Sunday, March 03, 2013

Kicking the Can Off the Fiscal Cliff

Let's play a game of word association. I'll say a word and you quickly give me a one-word answer.

Me: Congress.

You: Gridlock. Partisanship. Brinkmanship. Bickering. Incompetence. Frustration. Anger. Cockroach.

Cockroach? Ah, now I remember. A poll by the firm Public Policy Polling taken at the beginning of the year found that Congress was more unpopular than cockroaches.

So good answers, all.

But if it's not bad enough that Congress has revealed itself to be nothing more than a bunch of political hooligans, its members are now cluttering up our language with a bunch of cliches that are as tiresome as those who utter them.

To underscore that point, consider the good folks at Lake Superior State University in the Upper Peninsula of Michigan who since 1976 have been compiling an annual list of words that should be banished. Their picks are almost always spot on.

Not surprisingly, this year's edition borrows heavily from the Beltway.

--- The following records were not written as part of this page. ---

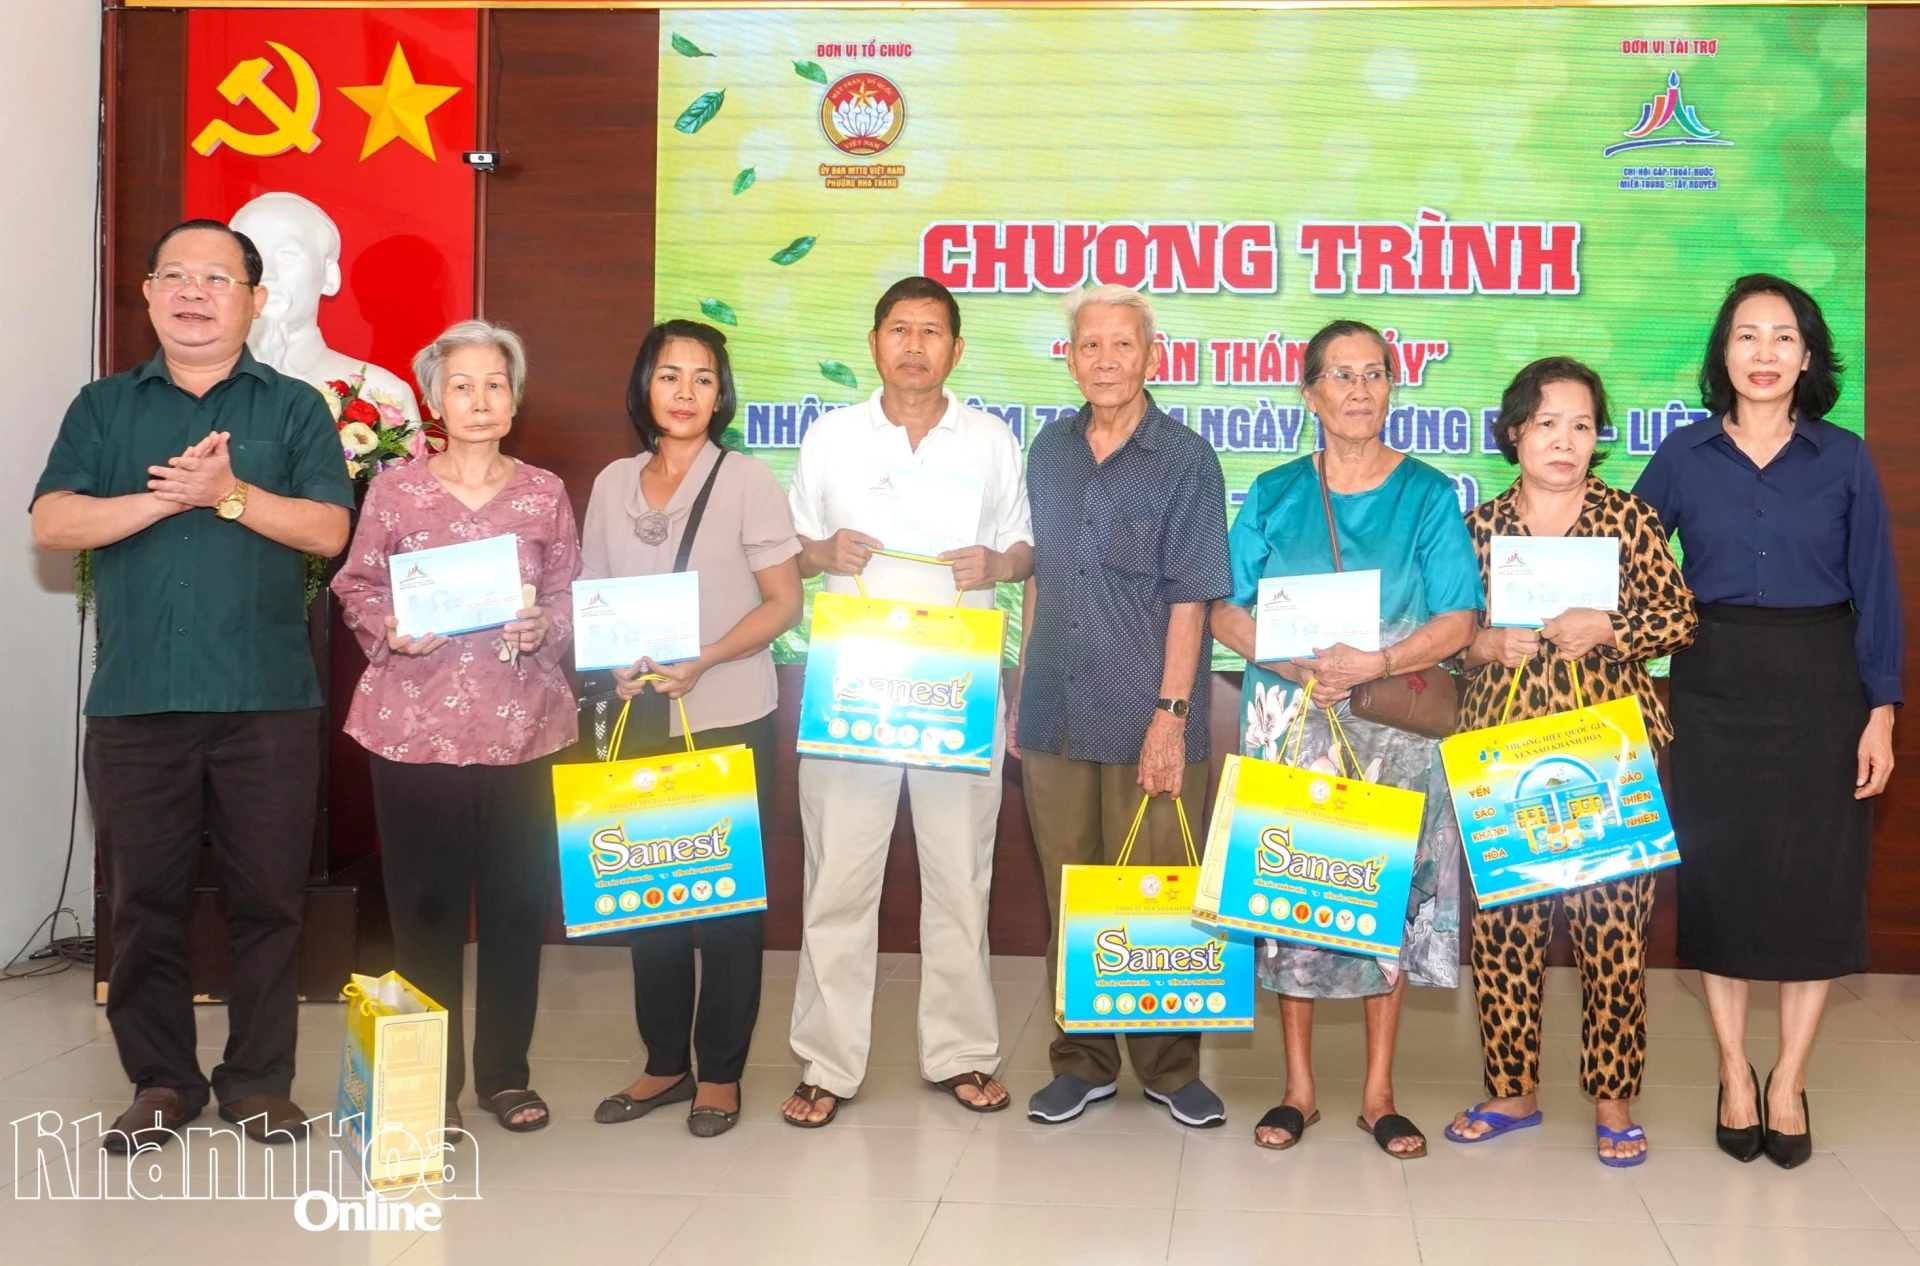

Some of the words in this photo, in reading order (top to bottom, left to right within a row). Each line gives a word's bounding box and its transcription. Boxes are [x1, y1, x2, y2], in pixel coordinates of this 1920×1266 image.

[817, 43, 841, 57] ĐƠN
[845, 44, 857, 60] VỊ
[861, 38, 876, 57] TỔ
[880, 41, 912, 57] CHỨC
[1622, 39, 1648, 54] ĐƠN
[1652, 40, 1665, 57] VỊ
[1669, 37, 1688, 54] TÀI
[1693, 39, 1717, 57] TRỢ
[886, 165, 904, 175] NAM
[874, 179, 898, 187] TRANG
[922, 223, 1275, 290] CHƯƠNG
[1300, 209, 1577, 290] TRÌNH
[1210, 332, 1308, 383] THÁN
[747, 396, 848, 446] NHÂ
[1200, 399, 1302, 449] NGÀY
[1614, 751, 1637, 763] YN
[1469, 785, 1491, 798] YẾN
[1622, 791, 1652, 806] THIÊN
[1474, 807, 1495, 820] SÀO
[1626, 812, 1659, 827] NHIÊN
[1472, 825, 1508, 842] KHÁNH
[591, 823, 729, 877] Sanest
[1484, 847, 1507, 861] HÒA
[1256, 827, 1381, 892] Sanest
[1095, 926, 1222, 975] Sanest

Leading the list is "fiscal cliff" a term that described the financial havoc that threatened to plunge us into the abyss because Congressional combatants couldn't make peace. After months of angst and finger-pointing, it was resolved when a couple of old hands, Vice President Joe Biden and Sen. Minority Leader Mitch McConnell, decided to speak to one another. And how did they reach an accord? Well, they decided to:

"Kick the can down the road." This candidate for banishment simply means to procrastinate, a favorite pastime in Washington. Wait, that's too simple. It's more like procrastinating in the hopes someone else will deal with the problem long after you've gone. It's an old favorite practiced, as one wag posted, "by Republicans, Democrats, Independents, Libertarians, Tories, Whigs, Socialists, Communists, Fashionistas " Maybe we can just kick the can off the fiscal cliff.

"Job creators": Uttered several thousand times by both candidates during the 2012 presidential election, it implied that both men had supernatural powers or a secret plan to end joblessness in this country now and forever. It was mostly misused by Mitt Romney who actually made a great deal of money by laying people off.

Double Down: A blackjack term that seems to have found a place in everyday language, especially in politics where is often used in place of "redoubling our efforts." But it carries with it the implication of risky behavior, since in cards it means doubling your bet against long odds. If that's not bad enough, KFC offers something called a Double Down sandwich, a pile of bacon and Monterey Jack cheese that uses two slabs of deep-fried chicken breasts in place of a bun. Any way you slice it, this expression is dangerous.

Not on the Lake Superior State list but a personal gripe: When did we start to speak in acronyms when referring to persons and institutions? Now we have POTUS (president of the United States), FLOTUS (first lady of the United States), SCOTUS (Supreme Court of the United States) and even SOTUA (State of the Union Address). It sounds like a group of Greek islands.

I suspect it's a carry over from the military which will always use an acronym in place of a word if possible. Example: LPC for Leather Personnel Carrier. That's "shoes" to you.

In the non-political category, the Lake Superior list contains such favorites as "spoiler alert," "an obnoxious way to show one has trivial information and is about to use it, no matter what."

And "boneless wings," "Can we just call them chicken (pieces)?"

And "YOLO," Twitter speak for You Only Live Once which is a passport for young people to act like idiots.

I would add to that list "baby bump," a term describing recently impregnated ladies that apparently originated in England. Some thought it was so cutesy it could result in an uptick of teenage pregnancies.

Those Brits, always trying to mess with our language.